Nous avons su, nous, félibres, nous rapprocher, partager, s’aider, se donner des nouvelles ; nous avons essayé de ne pas dénouer les liens qui nous unissent, ne serait-ce que grâce à la revue Lou Felibrige et au site Internet. Nous avons tenu et nous tenons coûte que coûte le cap malgré les nombreuses raisons que nous poussaient et nous poussent toujours aujourd’hui à la séparation.

Chers félibres, à l’heure où nous aurions dû avoir le bonheur de se rassembler enfin autour de la Coupe, nos pensées vont vers ceux qui ont souffert et qui souffrent toujours de cette contagion : les victimes, les malades, le corps médical et tous ceux qui, sans faillir, ont permis et permettent à la vie de continuer. Plus intimement, nos pensées iront vers les félibres qui ont été contaminé par le mauvais virus et qui en ont enduré les ravages ; nous leur assurons notre compassion.

À défaut de Santo-Estello 2020 et désormais des réunions de Fourques et du Banquet de la Coupe qui devait s’y tenir grâce à la bienveillance de Monsieur le maire Gilles Dumas, nous diffusons le discours de la Coupe par le flux de l’Internet. Les félibres connaissent, Monsieur le maire de Fourques, votre attachement à notre Cause et aux valeurs du Félibrige, ils savent le travail que vous accomplissez pour notre langue et notre culture. Cette occasion nous aurait permis de vous apporter la Coupe, un acte qui personnellement me réjouissait tant je sais que vous en mesurez le poids et le symbole.

Merci Monsieur le maire, merci à votre conseil municipal, merci aux félibres de Fourques et à l’Escolo d’Argènço qui avaient tout mis en œuvre pour nous accueillir bellement et qui nous avaient apporté une aide précieuse.

Chers félibres, je ne prononcerai pas le discours que j’avais prévu pour Mende, vous comprendrez que je préfère suivre l’actualité liée à la crise.
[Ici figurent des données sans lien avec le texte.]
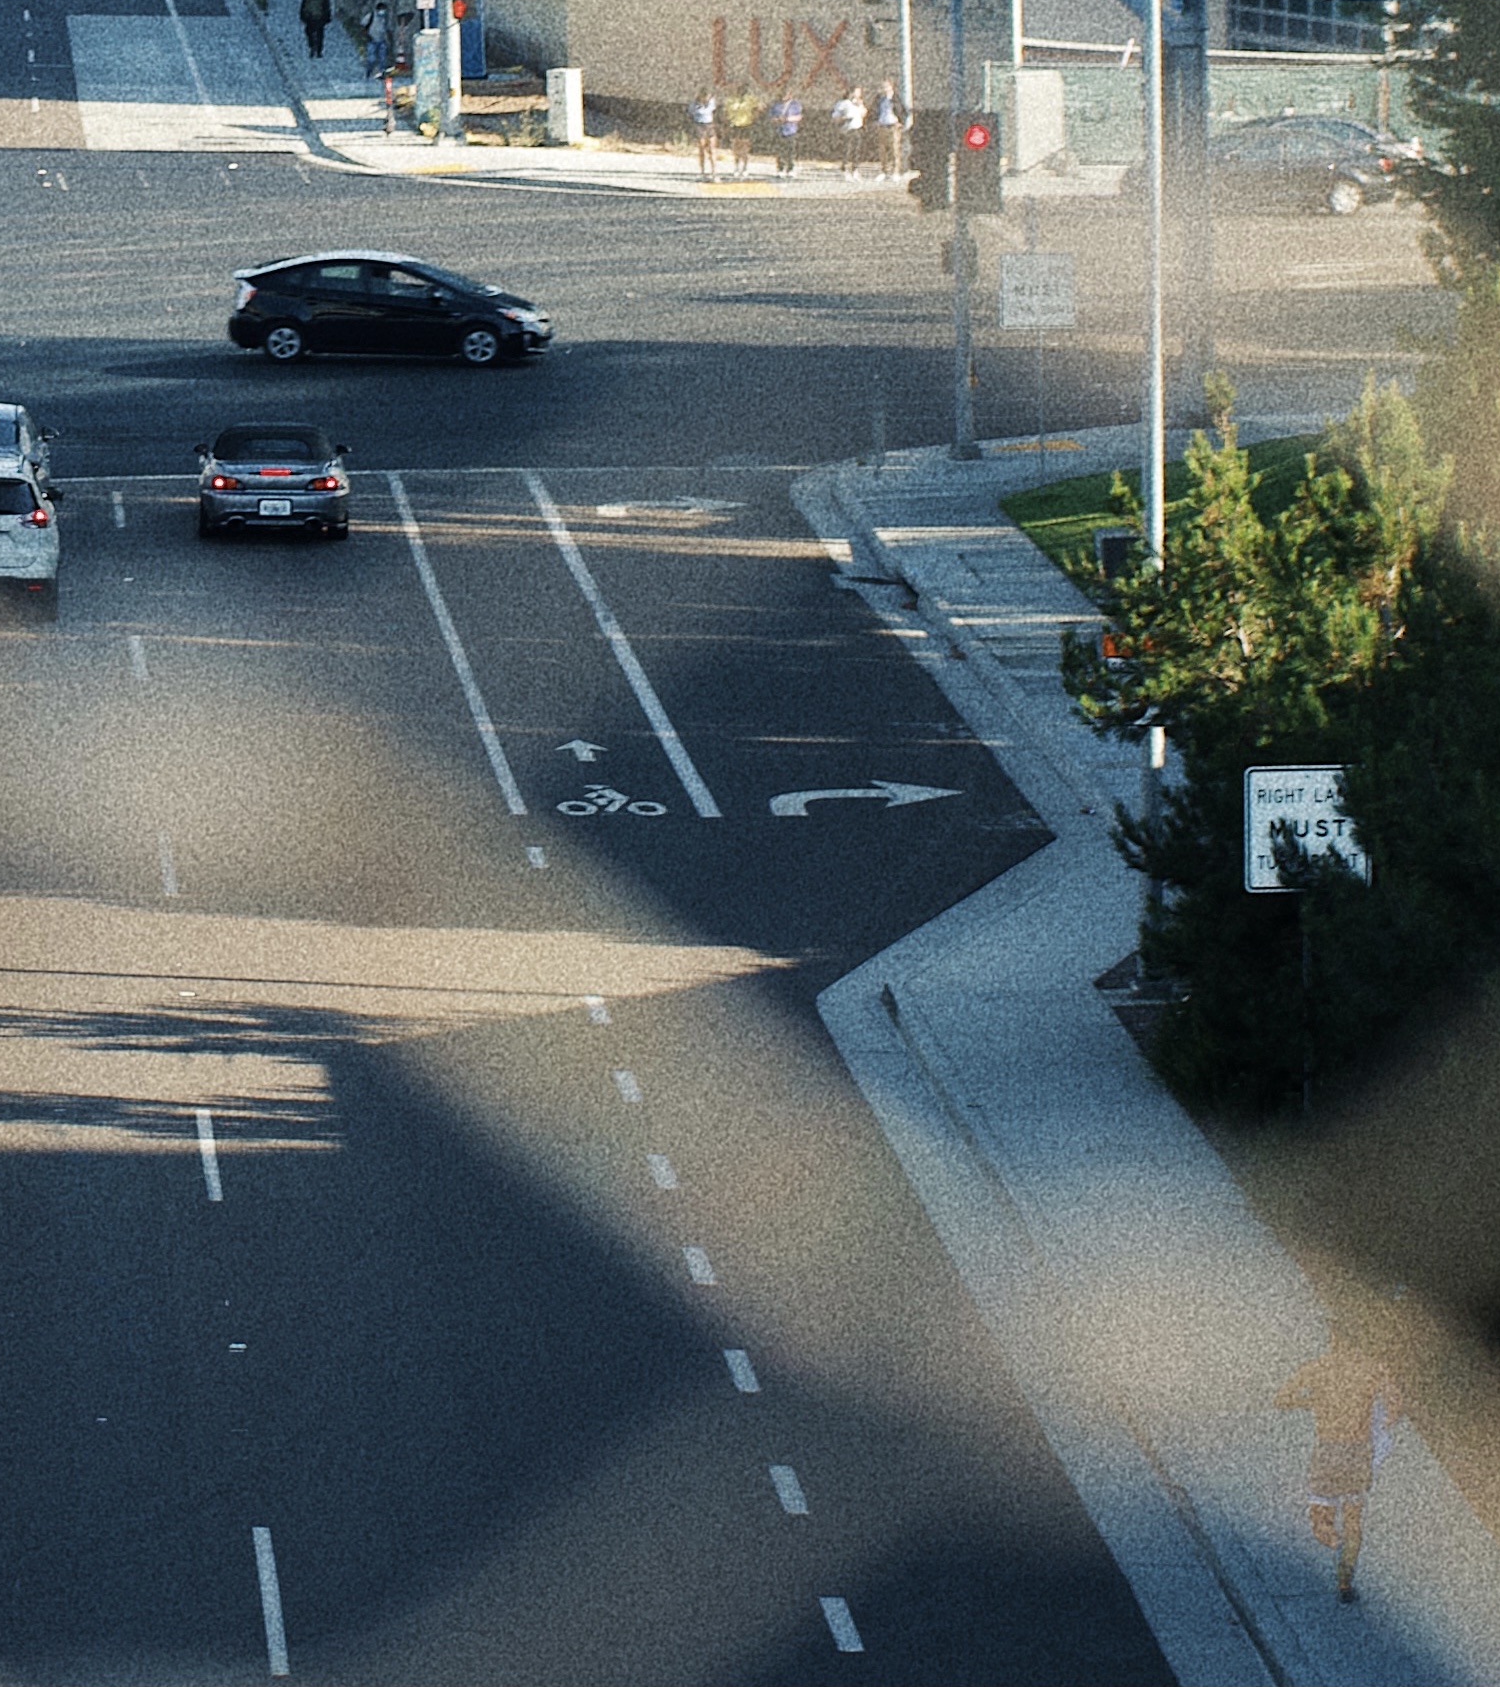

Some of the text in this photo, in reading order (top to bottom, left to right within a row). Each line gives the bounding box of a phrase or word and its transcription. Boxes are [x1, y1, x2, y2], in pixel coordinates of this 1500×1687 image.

Il ne s’agit pas d’en commenter les différents aspects et toutes les conséquences, nous sortirions de la sphère de notre Félibrige. Mais vous vous êtes certainement rendus compte comme moi, qu’à la sortie du confinement du printemps, plusieurs sujets mistraliens furent mis sur la table :  la place, le rôle des régions ; le retour vers les campagnes, la relocalisation, la décentralisation.

Tout à coup, se sont trouvés mille mérites, avantages et bienfaits à la philosophie mistralienne, et soudain réapparaissait, pleine de sens, la vieille revendication des années soixante-dix « vivre au pays ». Les affirmations que nous avons vu émerger d’ici et de là, sans que ne le sachent vraiment leur auteur, font référence à ce que depuis toujours réclame le Félibrige, dont la doctrine se trouve dans les œuvres de Frédéric Mistral et de ses disciples.
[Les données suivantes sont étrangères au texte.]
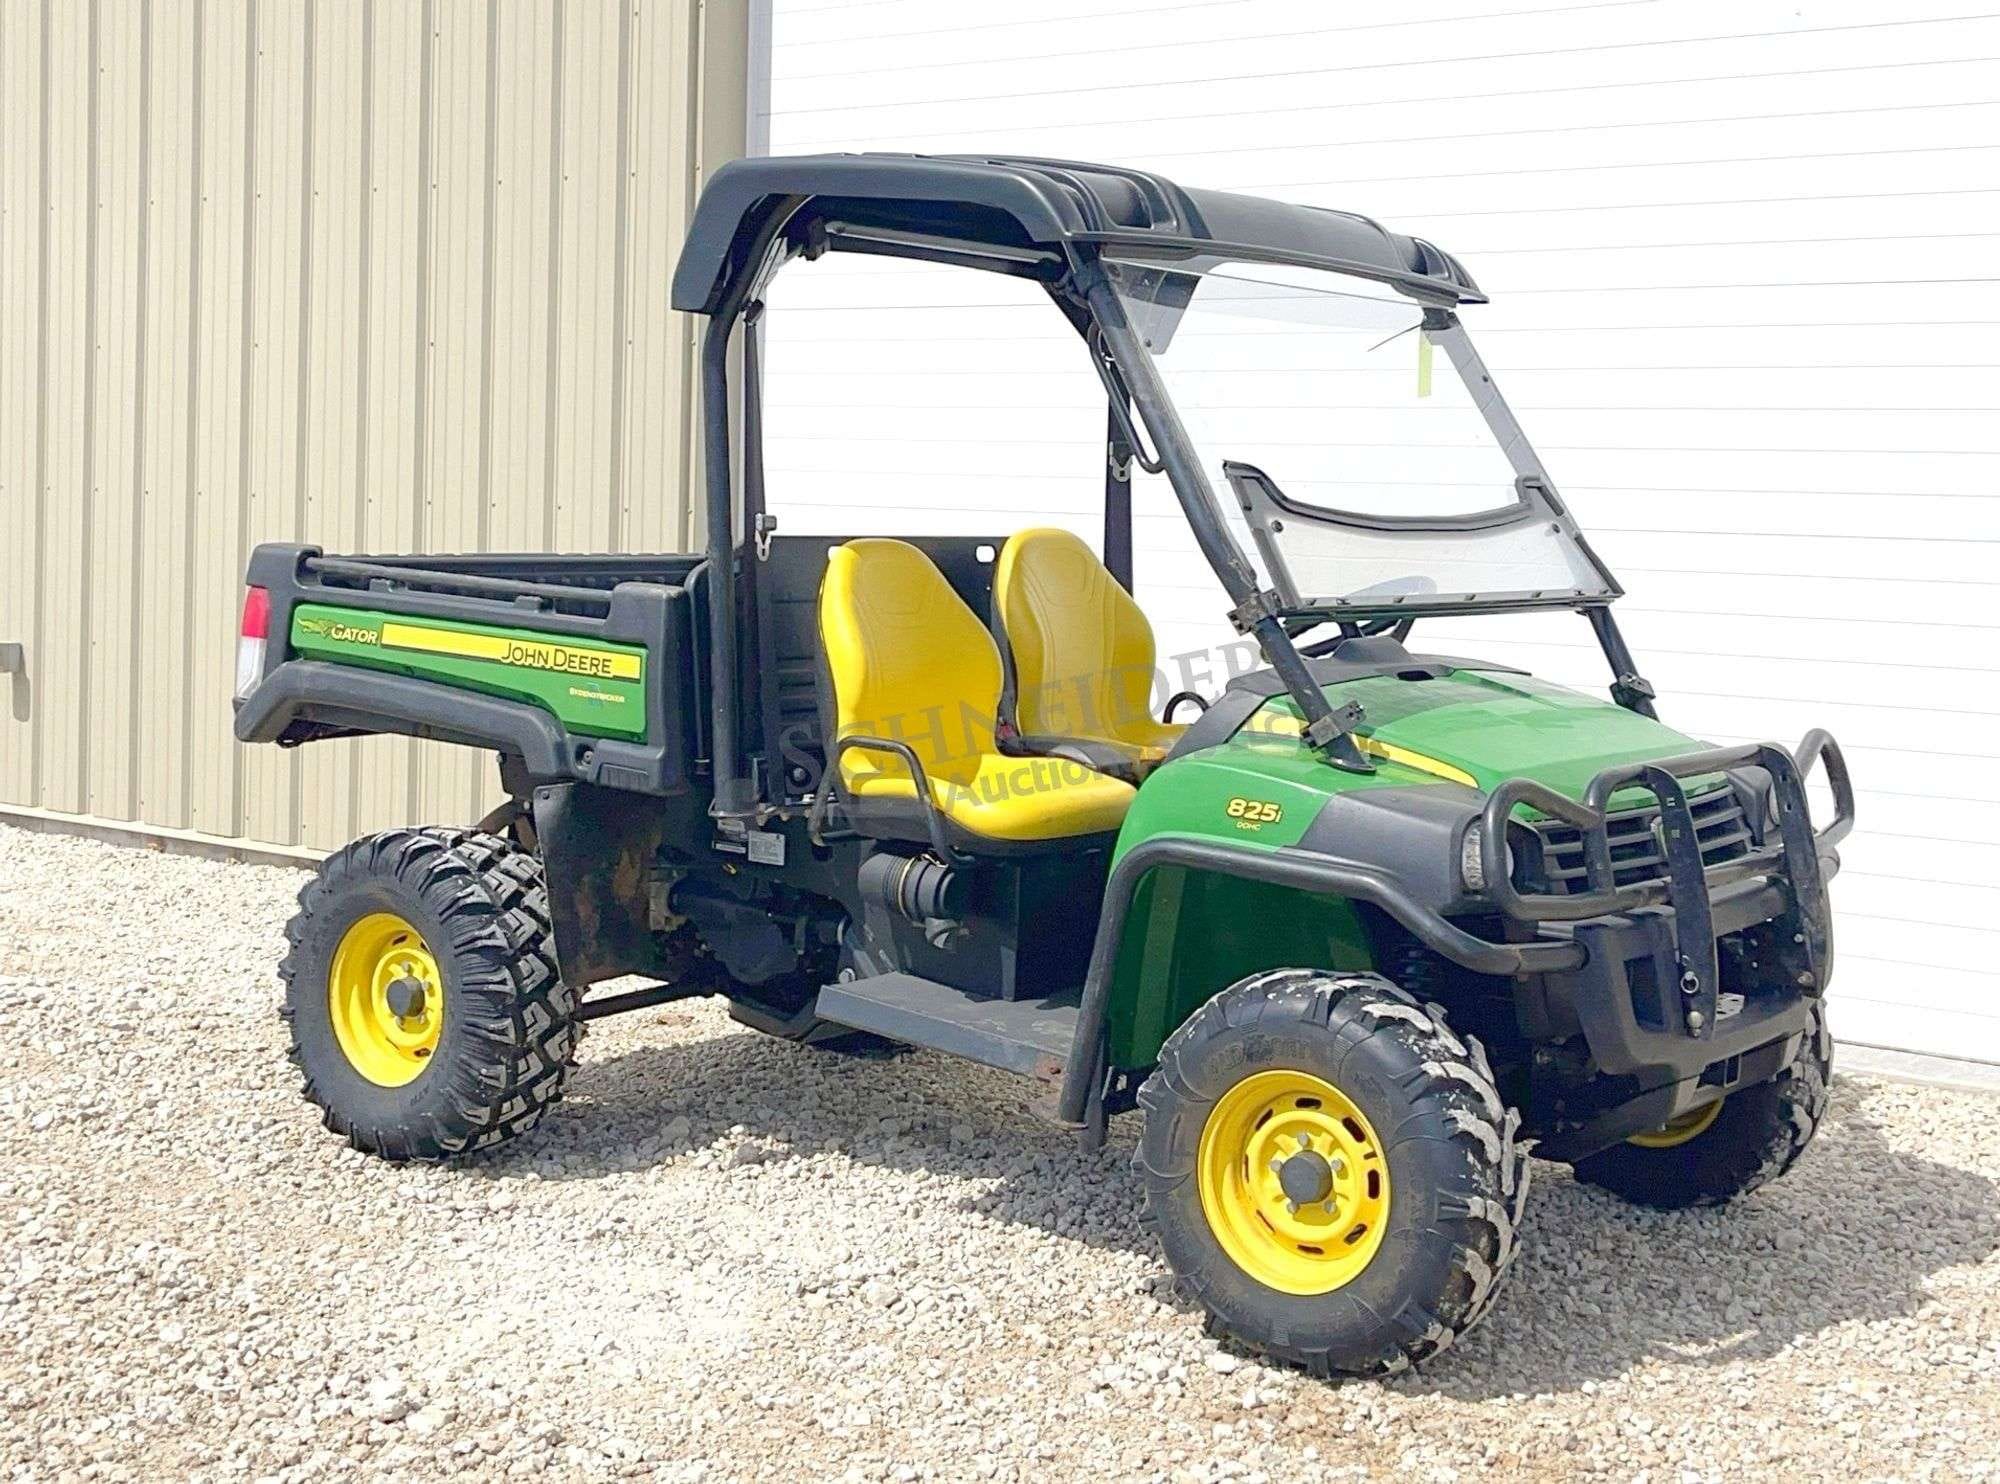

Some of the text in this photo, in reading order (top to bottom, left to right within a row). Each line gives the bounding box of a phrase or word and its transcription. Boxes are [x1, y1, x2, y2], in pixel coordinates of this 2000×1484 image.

[331, 623, 378, 645] GATOR
[501, 642, 613, 675] JOHN DEERE
Maintenant que nous constatons, pour toutes sortes de raisons, une claire volonté de fuir la ville, Frédéric Mistral, dès 1880 dans son discours « La despoupulacioun di campagno », prévenait :

 « Ah ! si on savait le mal que l’on fait à la patrie, en arrachant au peuple, à l’homme de la terre, le lien qui l’attache à sa vieille famille, à ses bonnes coutumes, au pays où il est né ! ».
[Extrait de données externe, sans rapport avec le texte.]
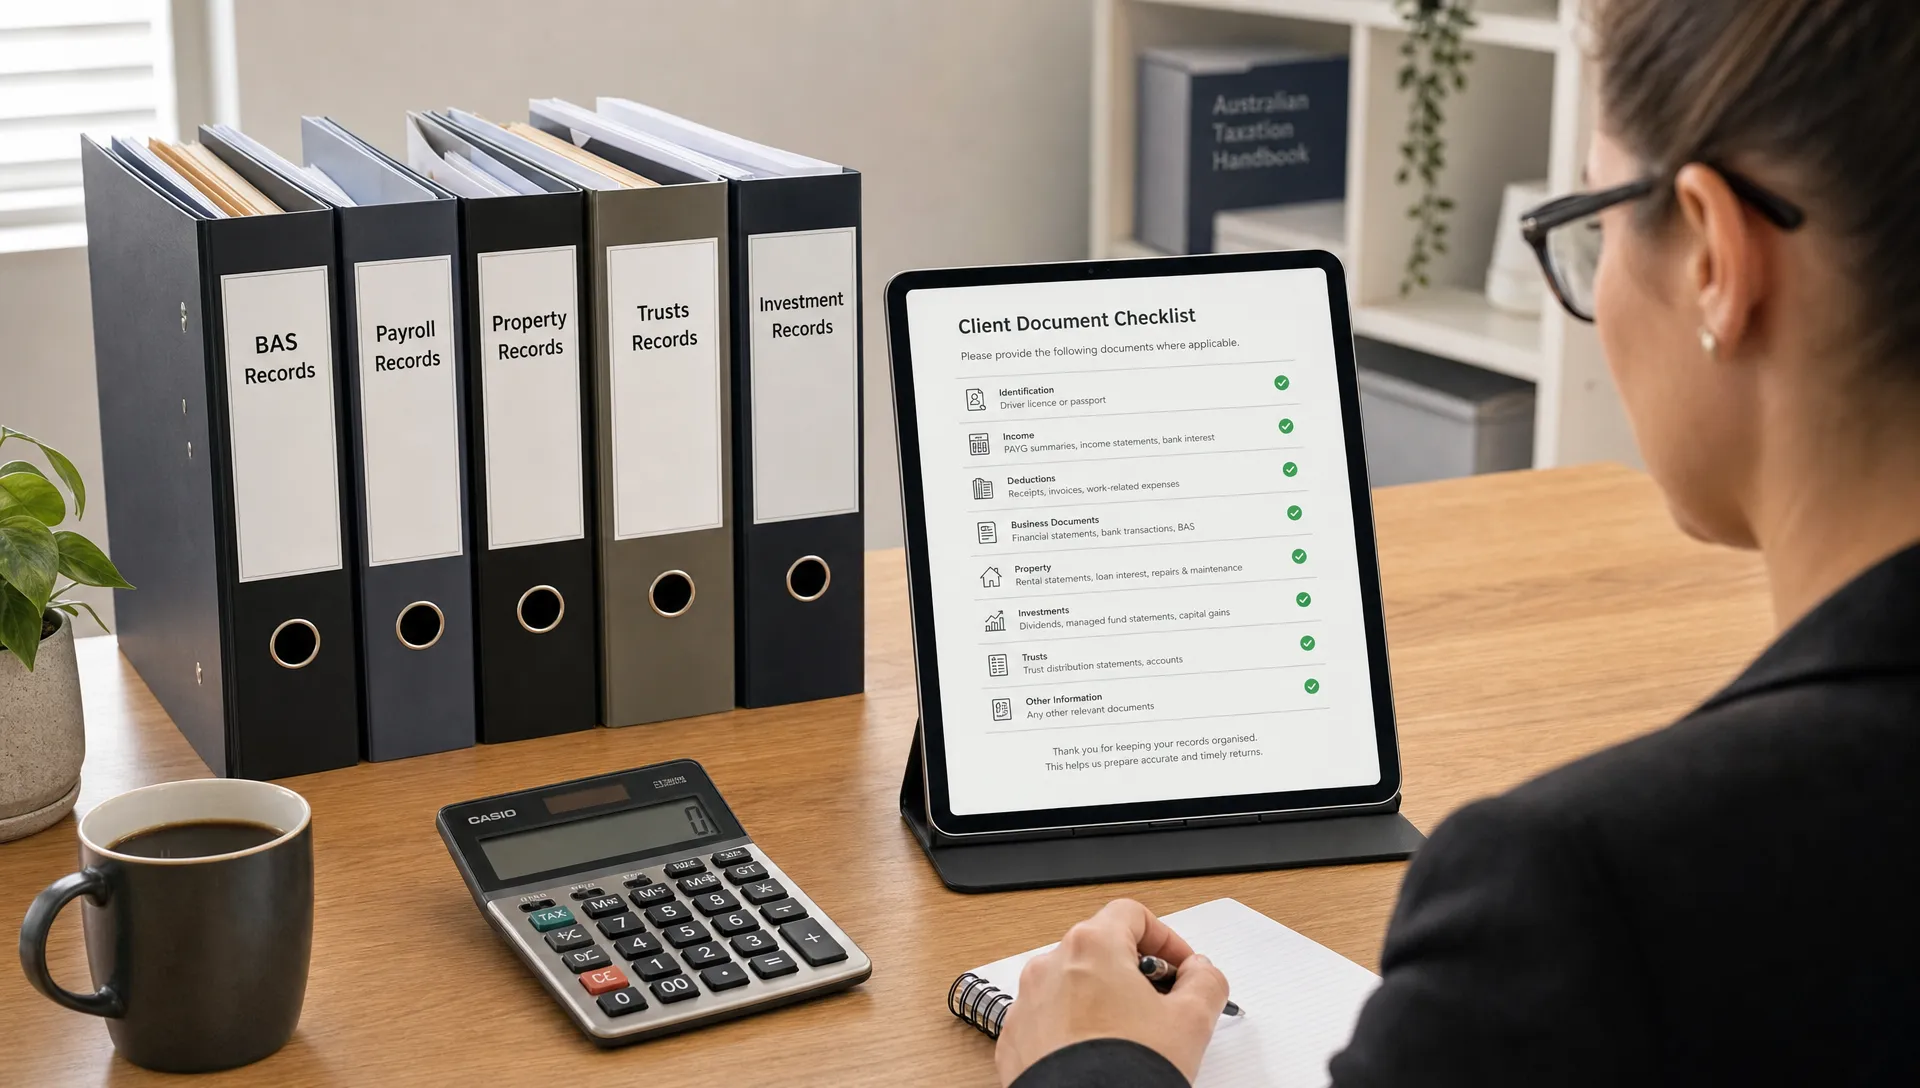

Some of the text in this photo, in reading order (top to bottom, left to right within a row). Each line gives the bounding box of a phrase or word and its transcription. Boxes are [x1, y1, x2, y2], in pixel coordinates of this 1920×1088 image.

« La population s’en va, la jeunesse descend vers la pourriture des villes ».

Mistral ne voulait pas voir la population abandonner les campagnes pour s’installer dans les villes. Il savait que cet exode était à contre-sens des valeurs qu’il répandait. La réalité d’aujourd’hui prouve qu’il avait raison. Le mécanisme est sur le point de s’inverser. Après avoir profité de toutes les facilités, de la surconsommation et de l’insouciance, le monde s’avise que finalement il existe une autre manière de vivre, peut-être avec un peu moins d’aisance et un peu plus de contraintes, mais, de combien, plus saine et sereine.

Il y a ensuite la relocalisation qui fait écho à l’esprit mistralien et à ce qu’en pensait en 1960 Charles Chabanis « Si l’on perd la Terre, l’on perd le Ciel, l’on y gagne que des berlues. Mistral refuse le travail sans âme, refus de ce monde de technique où ne respire plus l’esprit. Avec la perte de l’âme, arrive le manque de confiance dans la vie et le mépris du travail. » et, « Mistral est contre l’abêtissement que le progrès apporte aux hommes, contre cette civilisation de plus en plus mécanique qui ressemble à une tyrannie, contre le pouvoir fabuleux des choses sans âme ».

Claire référence à notre doctrine, toujours, lorsque nos décideurs s’avisent des bienfaits de la régionalisation. Souvenons-nous quand Frédéric Mistral se révoltait en 1875 à Montpellier :

« D’où vient ce discrédit… Vient-il de l’oppression, chaque jour plus grandissante, du centre parisien ? Vient-il de la manie propre à notre siècle de vouloir tout aplanir, et de vouloir que tous marchent de la même façon, pensent de la même façon, parlent de la même façon ? ».

Puis en 1882, il questionnait : « Ne devons-nous pas nous garantir contre l’abus de l’unité, contre cette puissance terrible, excessive, la centralisation, qui vient nous empoisonner, jusqu’au dernier village des Pyrénées e des Cévènes, non seulement ses modes et son uniformité, mais encore ses folies, sa raillerie, sa misère, cette décentralisation qui veut se mêler de tout ».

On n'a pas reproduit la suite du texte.